Succédané de qualité

Le mot que je voulais éviter me vient en tête: ersatz. Succédané de qualité, mais succédané quand même. Talentueux, sympa, touchant de gentillesse, pas prétentieux, Michael Bublé est un chouette monsieur qui aime son monde et donne tout ce qu'il a, qui est visiblement ravi d'être de retour à sa bonne place, ce qui n'est pas rien. Mais son Lazy River pâlit trop quand on a dans ses oreilles le Lazy River de Bobby Darin. C'est mon problème, j'imagine. Ces milliers de fans sont en liesse à chaque titre, alors que je n'arrive pas à m'empêcher d'entendre un Gilles Brown (auquel Bublé ressemble...). Je ne trouve pas mon plaisir dans ces arrangements d'orchestre puissamment rendus. Le vrai plaisir est pourtant ailleurs: quand Bublé chante Unforgettable en duo avec un spectateur prénommé Jacques; quand il invite l'un de ses musiciens à chanter ce qui lui tente; quand il se lâche dans une imparable salve de morceaux associés à l'extraordinaire Louis Prima; quand il fait danser le Centre Bell sur You Never Can Tell.

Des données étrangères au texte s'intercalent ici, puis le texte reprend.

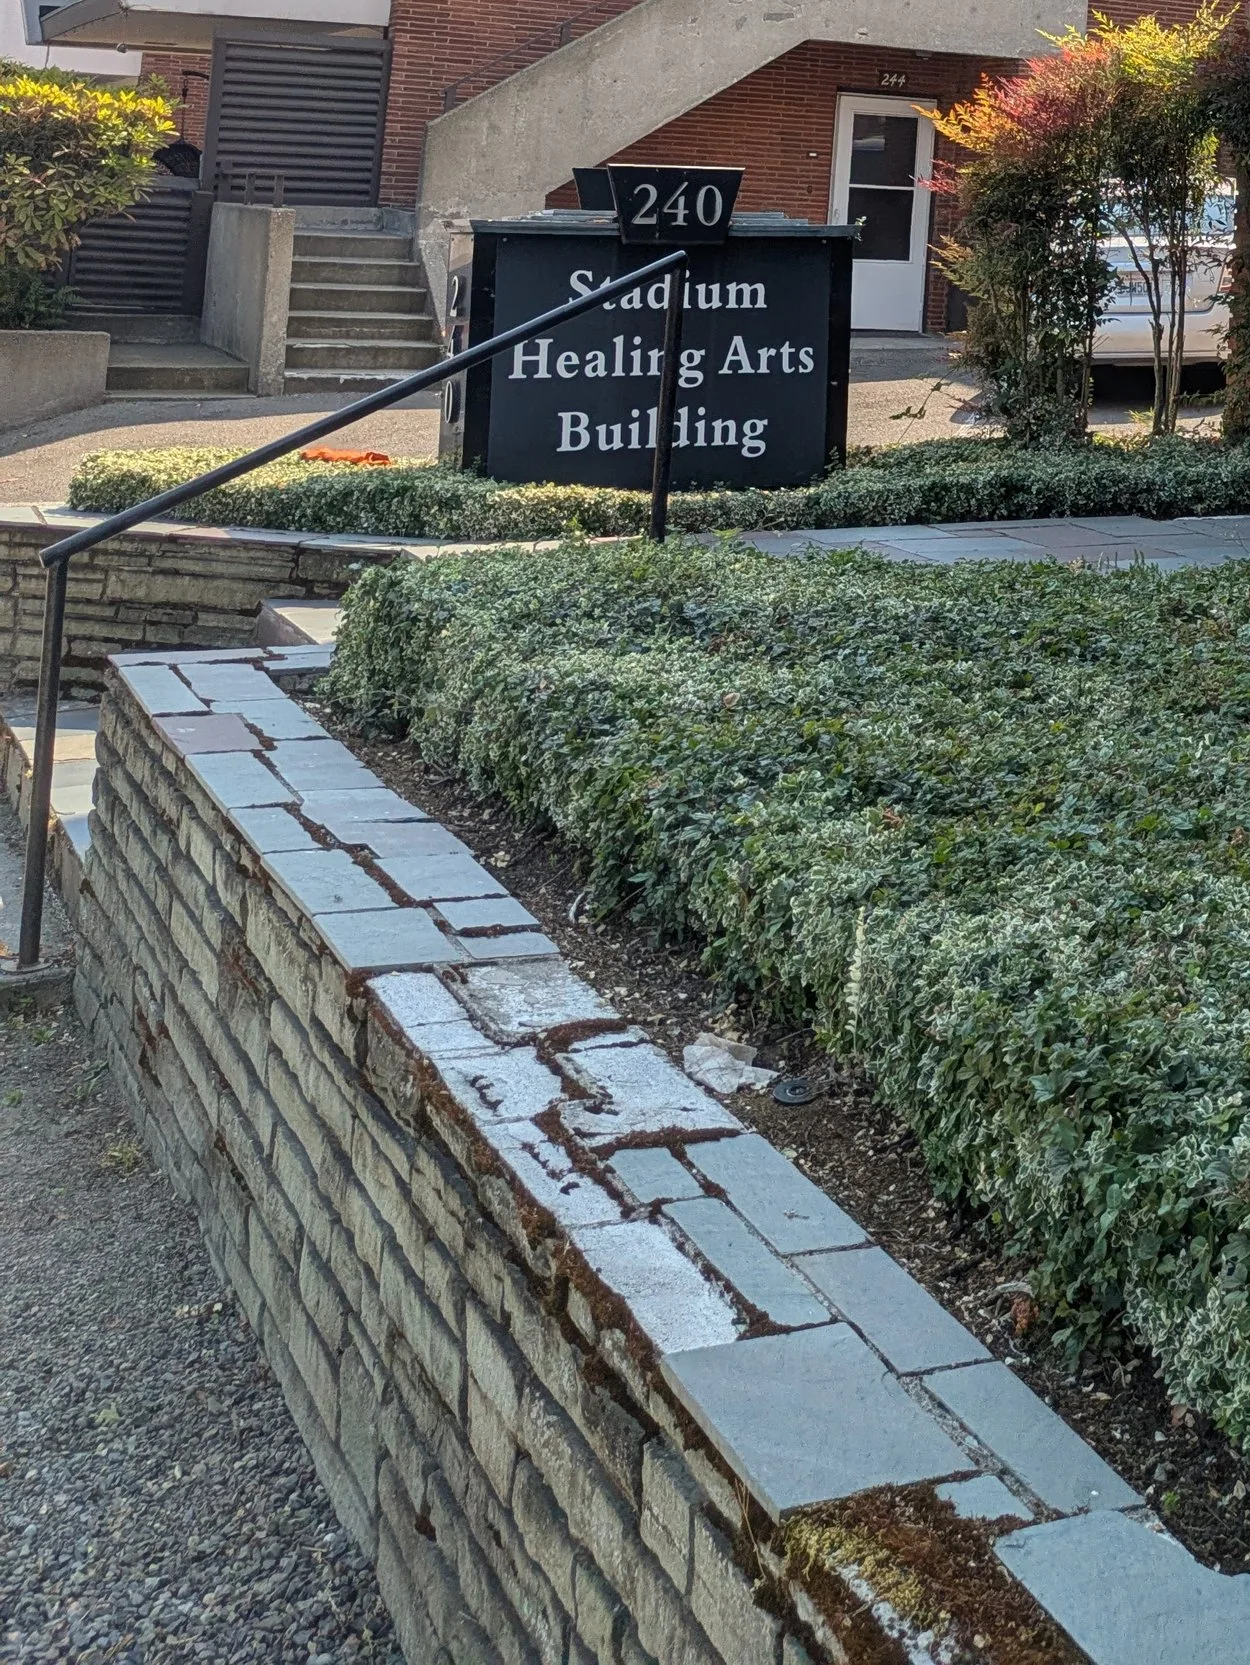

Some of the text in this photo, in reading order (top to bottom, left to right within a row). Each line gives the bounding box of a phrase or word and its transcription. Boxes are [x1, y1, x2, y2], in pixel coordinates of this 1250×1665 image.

[881, 73, 906, 87] 244
[631, 181, 724, 227] 240
[508, 334, 815, 388] Healing Arts
[556, 405, 769, 458] Building

Tout lui va plutôt bien, mais pas assez bien. Il est très appliqué, totalement pro, irréprochable, il permet à ces chansons de vivre au présent, ce qui est plus que louable, mais je ne tiens pas trente secondes par chanson. C'est à mes oreilles la coche en dessous, non seulement d'un Sinatra (toute comparaison serait hors d'ordre), mais d'un Jerry Vale ou d'un Vic Damone, crooners de seconde zone. On est quelque part entre un Steve Lawrence et un Robert Goulet. En mille fois plus attachant, en mille fois plus sincère. Mais voilà, le Great American Songbook exige plus que l'excellence, et même plus que la grandeur d'âme. Il faut faire oublier toutes les autres versions. Ce n'est pas le cas: Michael Bublé n'est jamais meilleur que lorsqu'il sert ses propres chansons (Forever Now, Home). Ça ne l'a pas empêché de triompher. Ce sera tout aussi apprécié vendredi au même Centre Bell, et samedi au Centre Vidéotron. Et ce sera tout aussi mérité.